What happened in 2023?

  • I got less regular about writing here semi-regularly. 😑

  • A bunch of work on climate change – 82 paper letters, 12 emails, 2 protests, phone calls, in-person meetings with local politicians, and submissions against LNG expansion in BC. I didn’t meet my target of 110 letters; however, I’m starting to have second thoughts about those kinds of targets for personal goals.

  • Two new hardware hacking projects: tree tomography and the one-pixel camera. Finished up the weather vane; no nesting from the chickadees this year. Seismometer set up. Lots of small random things.

  • A year of working at Wyvern! I think the infrastructure codebase is in good shape.

  • Health was a mix: nothing terribly serious, but COVID plus two sinus infections. Bleah.

  • Walking: 6.8 km/day average for the year. Down from 7.0 last year.

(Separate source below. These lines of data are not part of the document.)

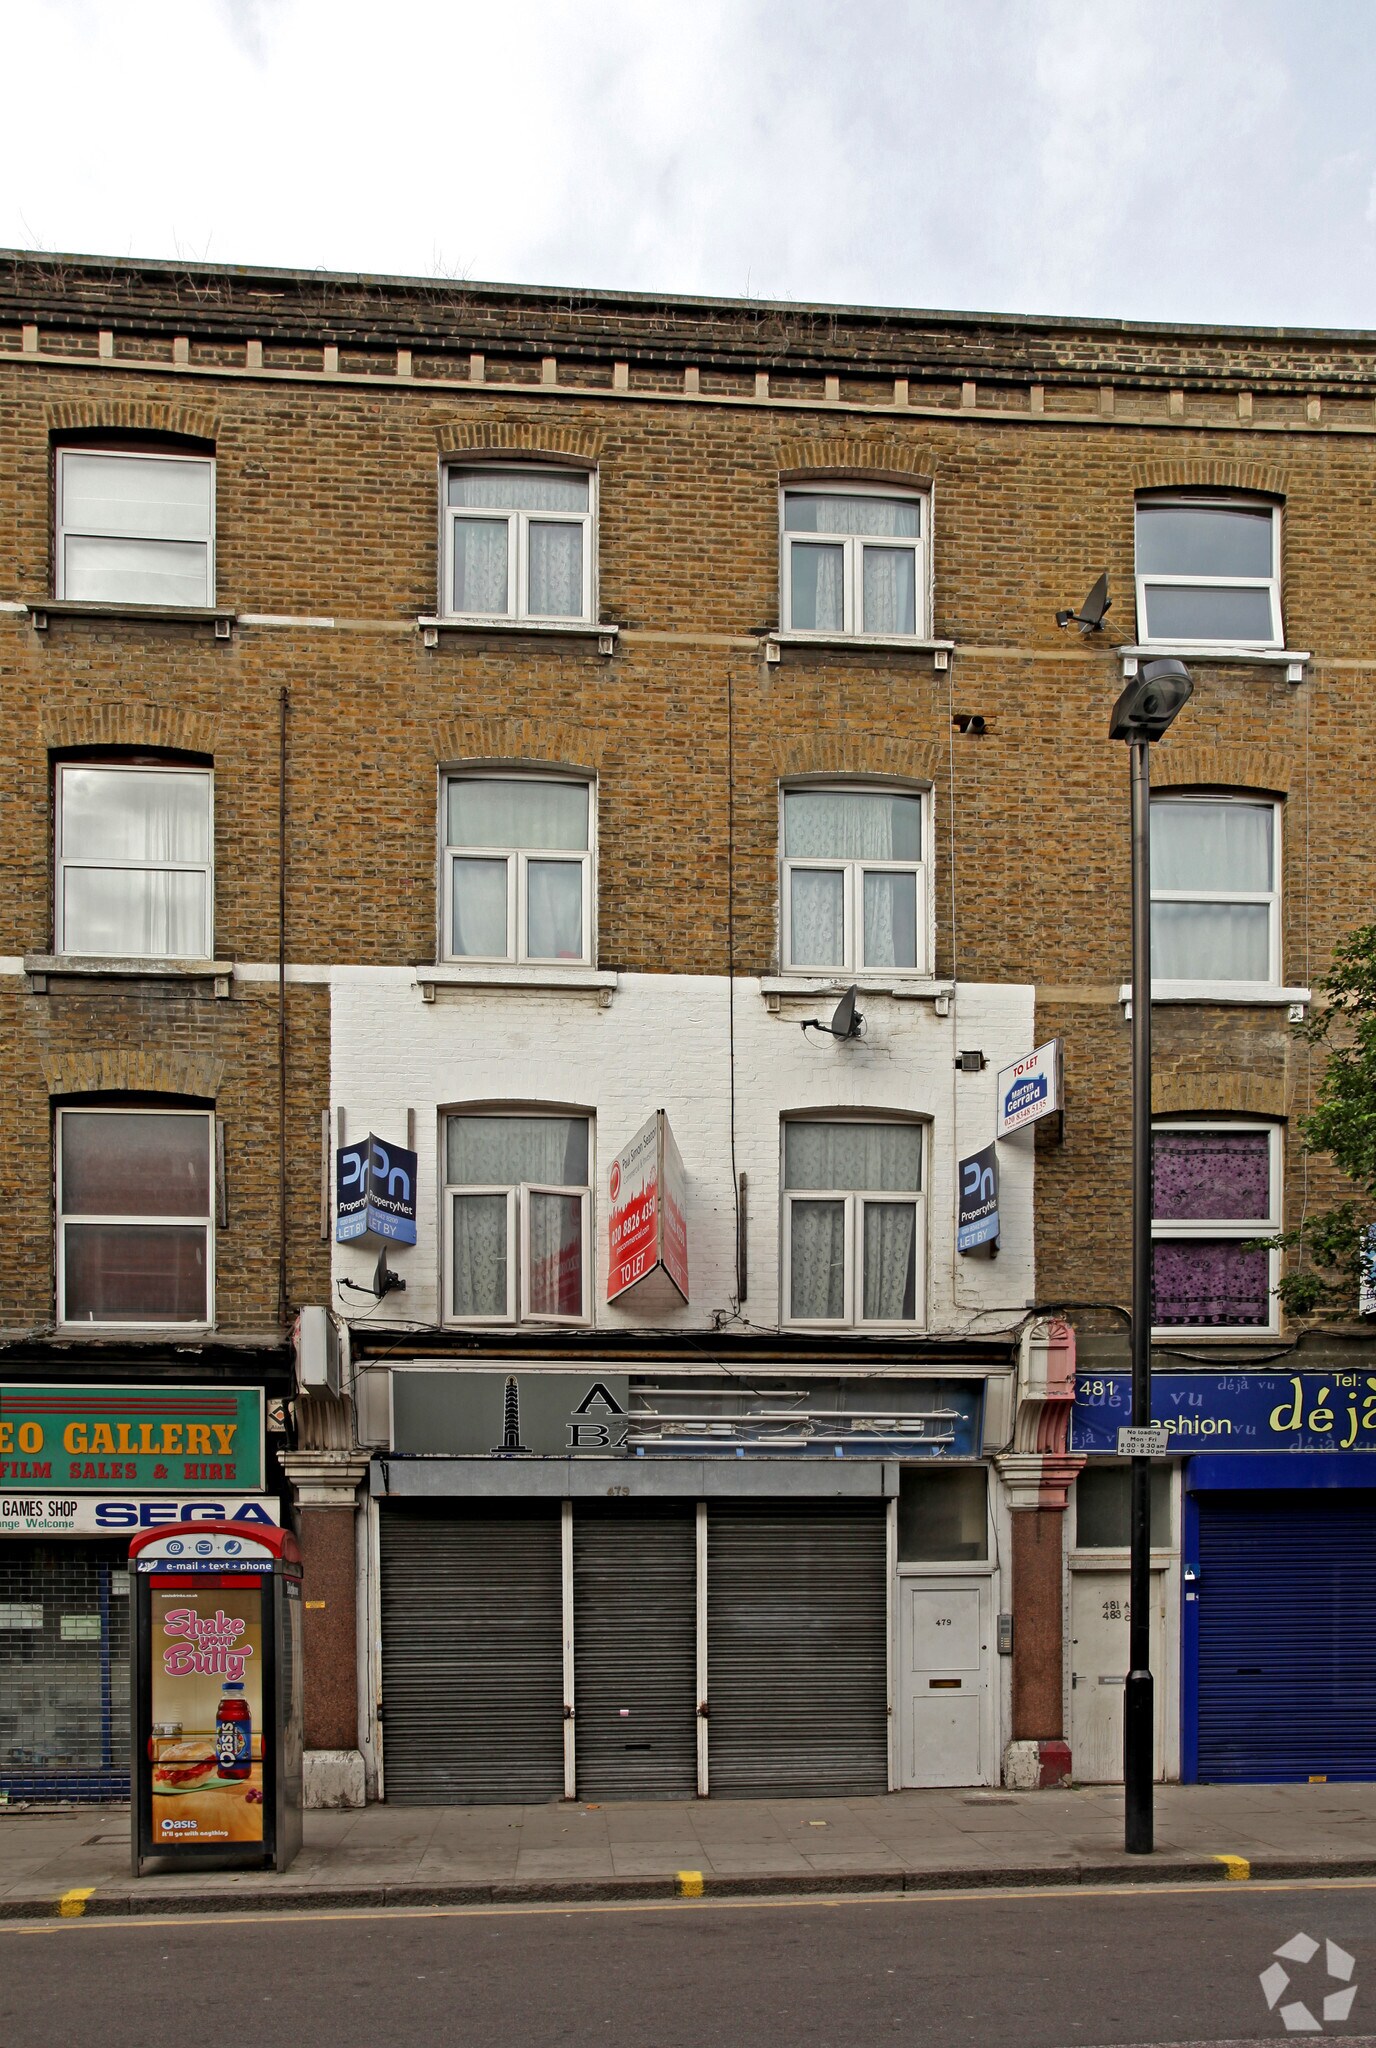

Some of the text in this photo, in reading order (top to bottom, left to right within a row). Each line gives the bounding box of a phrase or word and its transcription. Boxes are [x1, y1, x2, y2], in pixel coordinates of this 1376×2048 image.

[1013, 1055, 1038, 1077] TO LET
[1007, 1086, 1040, 1113] Gerrard
[1011, 1082, 1034, 1100] Martyn
[369, 1190, 413, 1215] PropertyNet
[961, 1199, 997, 1222] PropertyNet
[338, 1220, 365, 1239] LET BY
[369, 1216, 397, 1236] LET BY
[611, 1228, 621, 1246] 020
[623, 1210, 640, 1237] 8826
[960, 1228, 988, 1248] LET BY
[621, 1264, 631, 1285] TO
[632, 1252, 646, 1278] LET
[1079, 1380, 1115, 1396] 481
[1217, 1376, 1275, 1395] déjà vu
[1335, 1372, 1362, 1387] Tel:
[1170, 1391, 1203, 1407] vu
[1150, 1414, 1232, 1435] ashion
[1232, 1424, 1256, 1435] vu
[63, 1422, 238, 1456] GALLERY
[1071, 1428, 1096, 1449] éjà
[0, 1461, 237, 1480] FILM SALES & HIRE
[607, 1485, 630, 1496] 479
[2, 1500, 78, 1517] GAMES SHOP
[95, 1502, 280, 1528] SEGA
[0, 1518, 75, 1531] nge Welcome
[166, 1559, 198, 1570] e-mail
[209, 1561, 230, 1570] text
[240, 1559, 272, 1572] phone
[1102, 1600, 1120, 1611] 481
[163, 1608, 246, 1640] Shake
[935, 1619, 952, 1627] 479
[1102, 1610, 1122, 1621] 483
[198, 1634, 237, 1651] your
[163, 1642, 254, 1682] Butty
[220, 1722, 236, 1768] Oasis
[161, 1818, 198, 1830] Oasis

Obviously this is the end times.

  • Gave up on hosting my own email and delegated it to EasyDNS.ca. Recommended.

  • Started learning Italian. È molto divertentimento!

  • Nature: 475 checklists for eBird (vs target of 450); 1671 observations for iNaturalist (vs target of 1300) and 3730 identifications (vs target of 900).

  • Added a few Wikipedia pages and updated more, mainly for species I’d observed for iNaturalist.

  • I read 53 books. Of these, “The Good War” by Studs Terkel was the most mind-blowing; it’s an utterly compelling oral history, mainly from the American point of view, of people’s involvement in World War II. I had never thought that moral ambiguity about a war, or deep suspicion about the US government’s action in a war, was anything but a recent development. Highly recommended.